### Data to use
□ □ □ □
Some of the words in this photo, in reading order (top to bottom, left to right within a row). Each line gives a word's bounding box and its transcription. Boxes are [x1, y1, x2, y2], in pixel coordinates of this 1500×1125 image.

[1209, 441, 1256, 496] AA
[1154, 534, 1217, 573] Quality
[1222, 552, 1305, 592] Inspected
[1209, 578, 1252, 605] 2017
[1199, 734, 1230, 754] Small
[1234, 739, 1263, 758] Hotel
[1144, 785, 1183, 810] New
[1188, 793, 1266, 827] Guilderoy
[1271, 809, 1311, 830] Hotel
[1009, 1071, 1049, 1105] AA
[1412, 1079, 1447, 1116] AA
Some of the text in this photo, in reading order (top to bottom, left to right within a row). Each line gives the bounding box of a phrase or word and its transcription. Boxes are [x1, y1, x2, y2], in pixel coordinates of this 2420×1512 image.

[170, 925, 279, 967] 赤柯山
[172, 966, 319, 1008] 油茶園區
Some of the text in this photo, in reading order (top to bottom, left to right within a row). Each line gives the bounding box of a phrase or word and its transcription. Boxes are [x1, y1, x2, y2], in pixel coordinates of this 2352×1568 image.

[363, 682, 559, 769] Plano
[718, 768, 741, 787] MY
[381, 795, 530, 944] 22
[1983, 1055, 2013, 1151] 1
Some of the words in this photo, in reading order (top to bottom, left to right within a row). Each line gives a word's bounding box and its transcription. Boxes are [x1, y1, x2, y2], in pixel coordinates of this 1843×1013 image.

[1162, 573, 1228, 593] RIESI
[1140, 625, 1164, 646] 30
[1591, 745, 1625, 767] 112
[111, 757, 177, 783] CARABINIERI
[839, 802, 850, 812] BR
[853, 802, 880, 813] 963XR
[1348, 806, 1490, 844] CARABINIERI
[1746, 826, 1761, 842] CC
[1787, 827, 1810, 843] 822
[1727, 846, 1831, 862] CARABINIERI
□ □ □ □
### Assignment
Your answer must be the line containing "this 1843×1013 image." and each line after it in the listing above, copied exactly.

### Written response
Some of the words in this photo, in reading order (top to bottom, left to right within a row). Each line gives a word's bounding box and its transcription. Boxes are [x1, y1, x2, y2], in pixel coordinates of this 1843×1013 image.

[1162, 573, 1228, 593] RIESI
[1140, 625, 1164, 646] 30
[1591, 745, 1625, 767] 112
[111, 757, 177, 783] CARABINIERI
[839, 802, 850, 812] BR
[853, 802, 880, 813] 963XR
[1348, 806, 1490, 844] CARABINIERI
[1746, 826, 1761, 842] CC
[1787, 827, 1810, 843] 822
[1727, 846, 1831, 862] CARABINIERI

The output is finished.